Joe Hardy family
Colored Coal Miner
Joe Hardy was a colored coal miner working the various mines of Briceville. He died in 1933 and is buried in the Welch Cemetery near Beech Grove.
Joe and Mary Jane Moore Hardy had eight daughters: Eva, Stella, Hattie, Annie Mae, Irene, Elizabeth, Mary Ellen, and Sylvestia.
Sylvestia is the only one living. She married Benton Hopper from Oliver Springs in 1945. They moved in 1963 to a 200 acre farm on old Harriman Highway outside Oliver Springs. Benton died in 1990, Sylvestia had all four of her children, Jimmie, Sharon, Phillip, and Mona Lisa liviing nearby.
Mary Ellen and husband Randy Cozart, Elizabeth, Mary Jane, and Mary Jane’s mother, Granny Ellis, moved to FLint, Michigan, in 1955. Mary Ellen became a policewoman there. Granny Ellis died there in 1978 at the age of 104. Mary Jane came back to Oliver Springs and died there at age 81.
Hattie married Odell Phipps in Briceville and later moved to Oak Ridge. Their sons were Joe, George (Bobbie) Ben and Charles. Hattie died in 1974.
Sylvestia attended the colored elementary school in Coal Creek. Her sisters attended the colored school and church behind “Brit” Simpson’s store in the lower end of Briceville. It was torn down many years ago.
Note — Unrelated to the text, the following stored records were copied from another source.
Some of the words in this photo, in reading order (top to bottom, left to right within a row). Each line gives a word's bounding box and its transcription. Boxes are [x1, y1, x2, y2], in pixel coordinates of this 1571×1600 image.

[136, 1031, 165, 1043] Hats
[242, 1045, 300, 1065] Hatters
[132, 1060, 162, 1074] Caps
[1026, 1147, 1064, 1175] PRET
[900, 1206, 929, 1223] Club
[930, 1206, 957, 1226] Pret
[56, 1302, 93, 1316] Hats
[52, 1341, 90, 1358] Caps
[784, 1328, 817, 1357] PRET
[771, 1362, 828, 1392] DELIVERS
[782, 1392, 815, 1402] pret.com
After the church was gone, church services were held in an empty company house in Tennessee Hollow. Vas Huddleston was the pastor. Euly Cooper was a deacon in this church.
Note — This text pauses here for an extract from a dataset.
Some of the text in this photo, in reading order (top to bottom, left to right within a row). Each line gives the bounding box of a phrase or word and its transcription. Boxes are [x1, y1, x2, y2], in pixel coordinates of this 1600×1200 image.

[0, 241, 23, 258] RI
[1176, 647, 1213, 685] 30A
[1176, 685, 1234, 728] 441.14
Other colored people living in Briceville in the 20’s to 50’s were Maggie and Vas Huddleston, Tom and Hattie Maxwell, Charlie and Emma Rutherford and son “Vic”, Jim Baker, Odell Phipps, George Washington, Jim Glass and John Jones. John died in Briceville around 1960. He is buried in Chattanooga.
From Briceville…the town that coal built.